511 - Modal Logic
TuTh 9:30-10:45
This course is intended to follow Philosophy 310 (Intermediate Logic), and examines various modal logical systems including alethic modal logic, epistemic logic, deontic logic, tense logic, and the logic of propositional attitudes. Emphasis will be on quantification, identity, descriptions, scoped singular terms, and actuality. Text: Hardegree, Introduction to Modal Logic (available on-line). Prerequisite: Philosophy 310, or consent of the instructor. For more information, consult http://people.umass.edu/gmhwww/511.

551 – Metaphysics
W 12:20-2:50
This class is an introduction to the metaphysics of modality.  We will begin by looking at some of the reasons why possible worlds are theoretically useful.  We will then examine a few different accounts of what possible worlds are.  Topics will include modal realism, varieties of modal actualism, modalism, the de re/de dicto distinction, essentialism, counterparts and transworld identity.

563 – Ethical Theory
MWF 11:15-12:05
In the first half of this course we will study some of the most important theories in the normative ethics of behavior. Among these will be various forms of utilitarianism and various forms of Kantianism. In each case, one focus will be on clear and accurate formulation of the theory. Another focus will be on understanding and evaluating classic objections to the theories. In the second half of the course we will study some of the most important theories of axiology. Among these will be hedonism, eudaimonism, and various forms of axiological pluralism. Readings from Plato, Aristotle, Epicurus, Bentham, Mill, Kant, Ross, Moore, and others. Text: an anthology of papers in ethics, title TBA. Requirements: two take-home exams, no term paper. Prerequisite: two courses in philosophy.

582 Philosophy of Science
M 12:20-2:50
This class is an introduction to the Philosophy of Quantum  Mechanics.  The class will consist of (i) a gentle sketch of the  theory, and some of its weird consequences, (ii) a discussion of the  measurement problem, and of the various interpretations of quantum  mechanics that have been offered to solve it, and (iii) a look at  some of the issues surrounding the non-locality of quantum mechanics.

591T – Plato's Republic
TuTh 1:00-2:15
A close reading of The Republic with an emphasis on Plato's treatment there of topics in moral psychology, metaphysics, and epistemology.
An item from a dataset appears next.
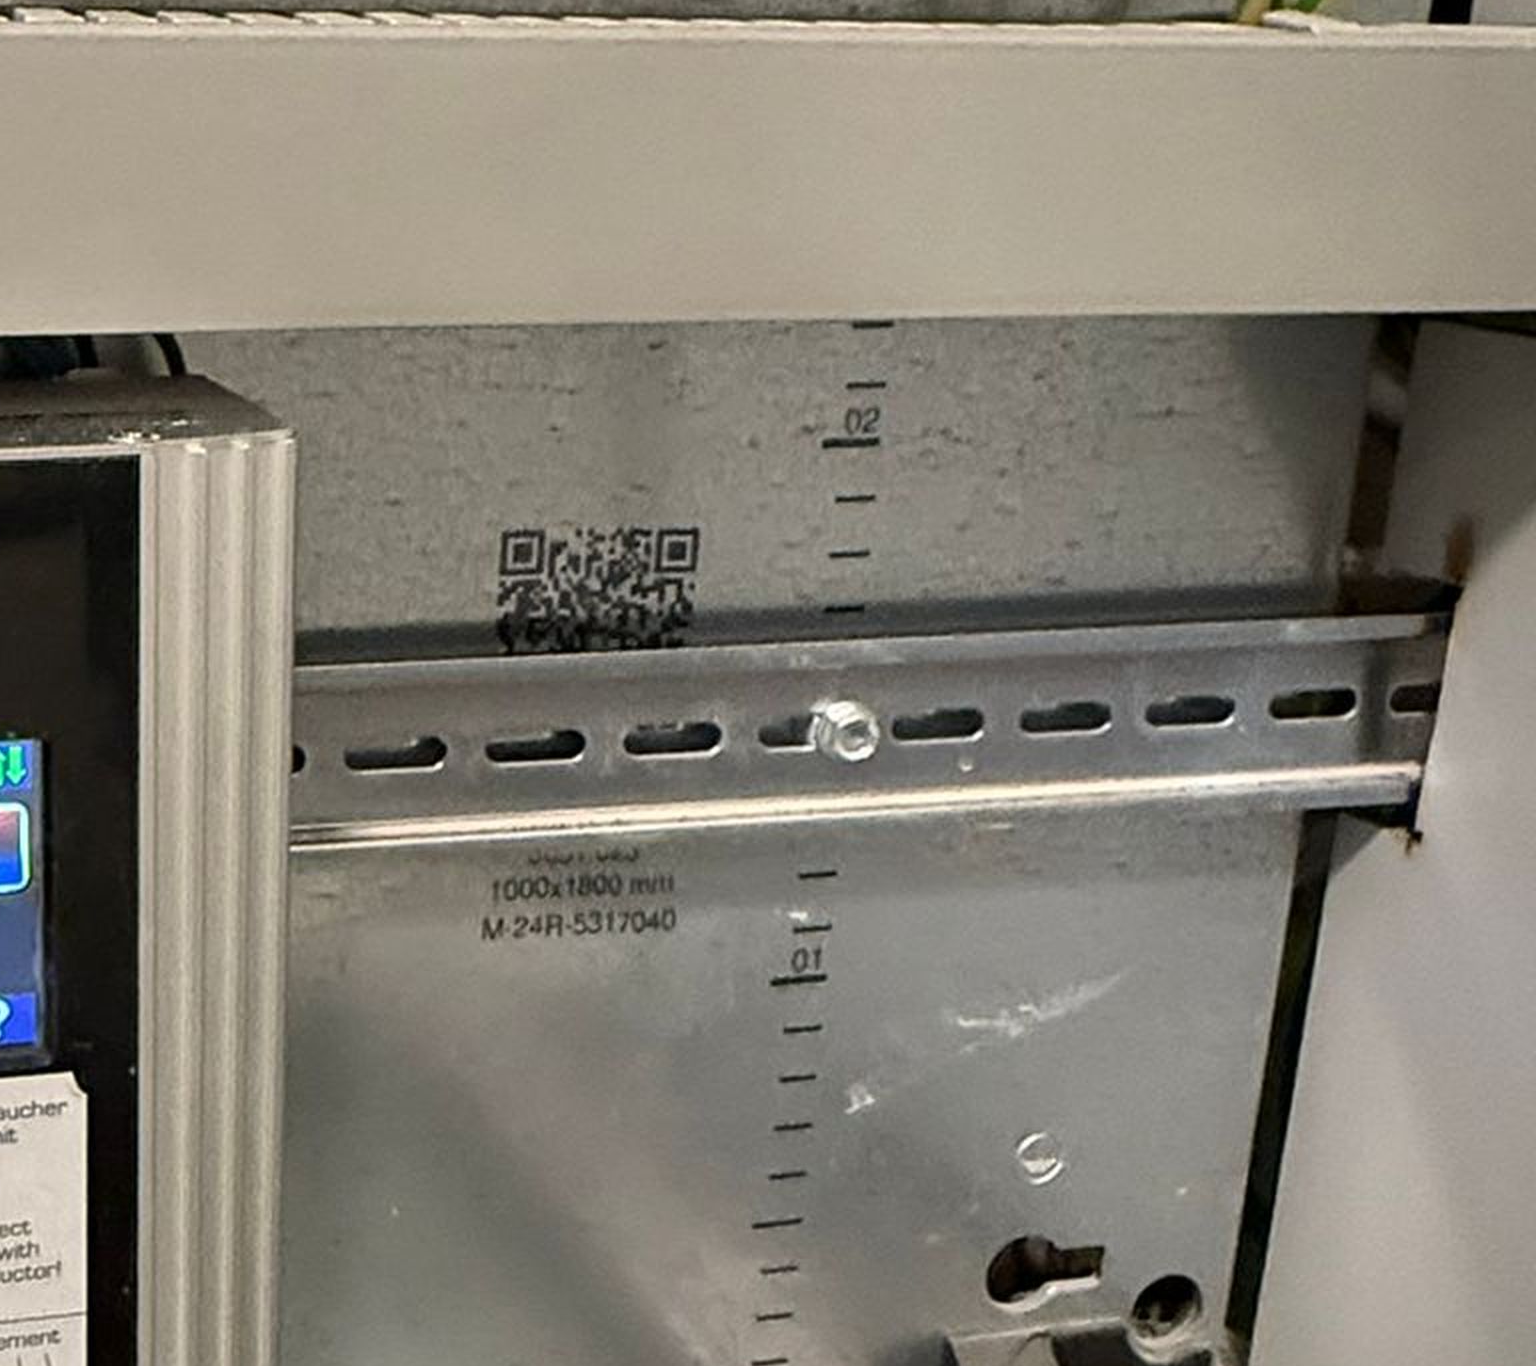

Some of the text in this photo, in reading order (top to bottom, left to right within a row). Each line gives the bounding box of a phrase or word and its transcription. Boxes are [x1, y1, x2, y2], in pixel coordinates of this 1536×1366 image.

[844, 406, 881, 436] 02
[491, 875, 623, 902] 1000x1800
[789, 947, 823, 973] 01
592W – Wittgenstein's Tractatus
M 3:35-6:05
An in-depth examination of Ludwig Wittgenstein’s (1921) Tractatus Logico-Philosophicus, its historical background, and philosophical influence. Topics include logical atomism, the picture theory of meaning, saying and showing, truth functionality, and mysticism. Texts: Wittgenstein's Tractatus, and secondary literature by various authors. Requirements: presentation, term-paper, in-class participation and weekly reading assignments. Pre-requisite: Three courses in philosophy, including at least one in Formal logic (Phil 110 or higher), or Graduate student standing, or consent of instructor.

594G Practical Reason
TuTh 2:30 - 3:45
Practical reasoning is reasoning towards making a decision, judgment, or action.  This course focuses on contemporary debates regarding the so-called standard model of practical reasoning – the Humean belief-desire model – and its critics. According to Humeans, practical reason is merely instrumental in nature: all actions can be explained by appeal to a brute desire along with some instrumental belief about how to satisfy it.  We look at several competing interpretations of Hume’s own historical views, in particular whether he is best seen as an instrumentalist or a total skeptic about practical reason.  Next, we discuss three major components of his view – the nature of desires, the Humean account of motivation, and the Humean account of reasons – and take up various recent debates inspired by them, such as internalism vs. externalism about reasons, motivational cognitivism, competing views about desires, and the normativity of both instrumental and non-instrumental reasoning.  Thinkers to be discussed include Hume, Kant, Nagel, Korsgaard, Williams, McDowell, Parfit, Darwall, Scanlon, Foot, Smith, Velleman, Audi, Schroeder, etc.

785 – Philosophy of Mind
Tu 4:00-6:30
Antony & Levine
description forthcoming

794A – Agency
W 3:35-6:05
Baker & Matthews
The idea of human agency is closely linked to the idea of responsibility.  We’ll begin with some historical texts, including passages from Plato, Aristotle and Locke.  Then we’ll move on to consider the connection between agency and intention, and read G.E.M. Anscombe.  More recent literature attempts to understand agency in terms of subpersonal events or states.  In considering this move we’ll read papers by Michael Bratman and David Velleman.

794F – Free Will
Tu 7:00-9:30
description forthcoming

891D – Dissertation Seminar
by arrangement
A one-credit seminar for ABD students to meet and discuss their dissertations.